By: Jordan Buck, 2024-06-23

Lockheed Martin was awarded a contract announced June 18, 2024 by NASA on behalf of NOAA to develop and build the GeoXO satellite constellation. This contract is estimated at a value of $2.27 billion if all options are exercised.

The Geostationary Extended Observations (GeoXO) constellation is the next generation version of the Geostationary Operational Environmental Satellite (GOES) series. Lockheed Martin had previously built the GOES series, with the final version GOES-U launching on June 25, 2024.

The GeoXO satellites will enhance visible imagery, lightning mapping, and infrared imagery compared to the previous iterations. They will also have new capabilities for hyperspectral sounding, nighttime imagery, and monitoring of oceanic and atmospheric conditions.

The first GeoXO satellite is planned to launch in the early 2030s, with operations expected through the late 2050s. The satellites will utilize the modernized LM2100 satellite bus.

Cybersecurity Implications

From a cybersecurity perspective, there is no initial mention of how the communications and large downlink will be handled. These GeoXO satellites are geostationary satellites, essentially fixed targets compared to other orbits. This eliminates some complexities in terms of programming variable communication windows and access, but does add the operational constraint that all access must physically be to a line-of-sight vantage point to the satellite.

These satellites are large, highly visible projects that have national coverage and usage. Additionally, the constellation is small, comprised of 3, up to 7, satellites. Any attack that disables the satellites would be crippling to the data services and information they provide. The fallback option would have to be using older, legacy GOES-R systems until a path forward is identified.
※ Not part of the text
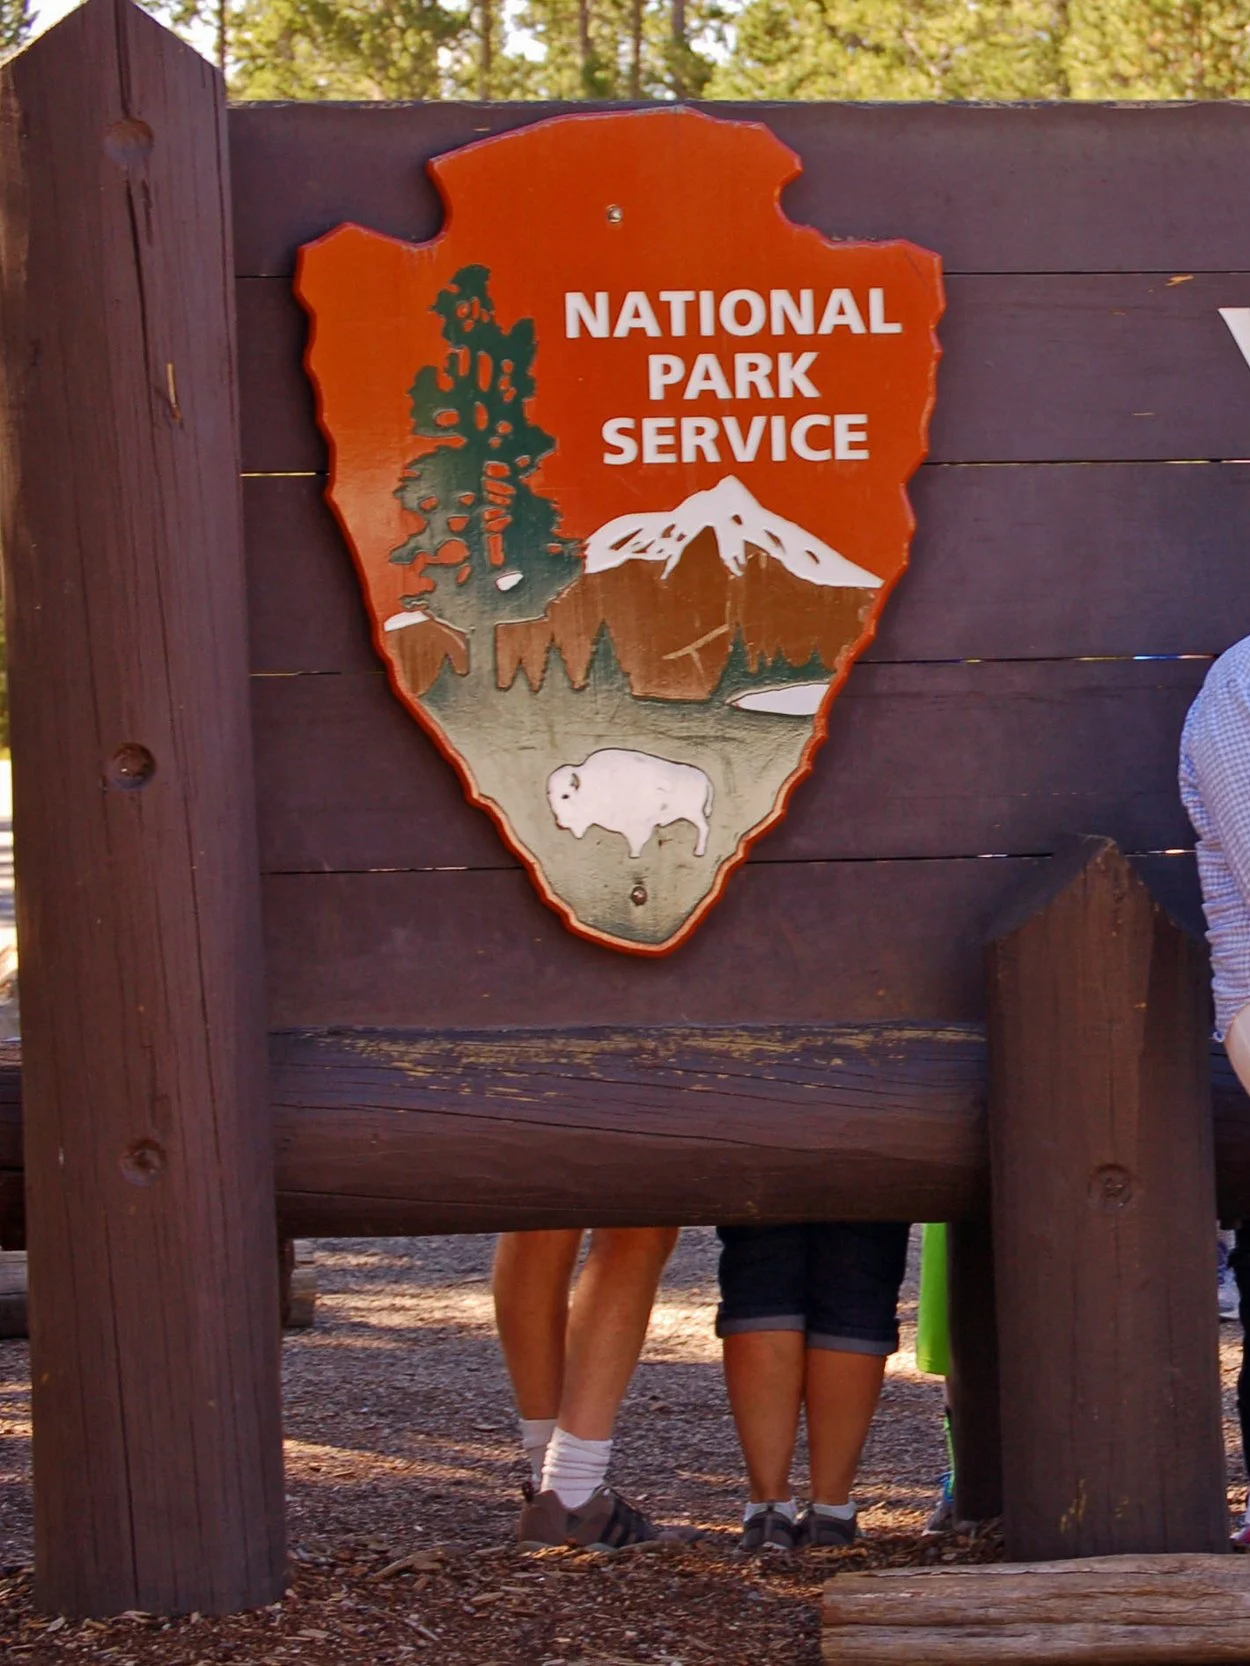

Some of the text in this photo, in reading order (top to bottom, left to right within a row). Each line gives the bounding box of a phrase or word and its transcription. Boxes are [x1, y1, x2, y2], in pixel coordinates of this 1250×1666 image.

[565, 288, 903, 339] NATIONAL
[649, 352, 820, 400] PARK
[602, 414, 870, 465] SERVICE
In terms of the communication itself, data emanating from large weather satellites such as GOES-R is broadcasted widely. Certain data is real-time to many agencies, and there are frequent periodic updates to publicly available and downloadable information. Any exposed vulnerabilities leading to injected data/messages would be instantly and widely disseminated to many end users.

The satellites are based on the LM2100 bus from Lockheed Martin. This is the same bus used for the previous GOES-R generation satellites too, including more than 30 other legacy spacecraft. The bus itself, from its datasheet, incorporates an Uplink/Downlink Unit (UDU) that is able to interface with the ground, “providing encryption as needed.” This is the only mention of cybersecurity in the entire datasheet, but even that does not provide specific guarantees, compliance, or sales promises that a customer may be seeking. There is most likely more information but not publicly available. Any attack or vulnerability in the bus system may lead to the compromise of many systems due to having this shared architecture.

Lastly, the expected long lifetime means the hardware will be quickly aging and may not hold up to the test of time. While not unique to this series, consideration for ensuring that the satellite can be protected for as long as possible should be taken into account for the design, operations, and maintenance of this new GeoXO satellite constellation.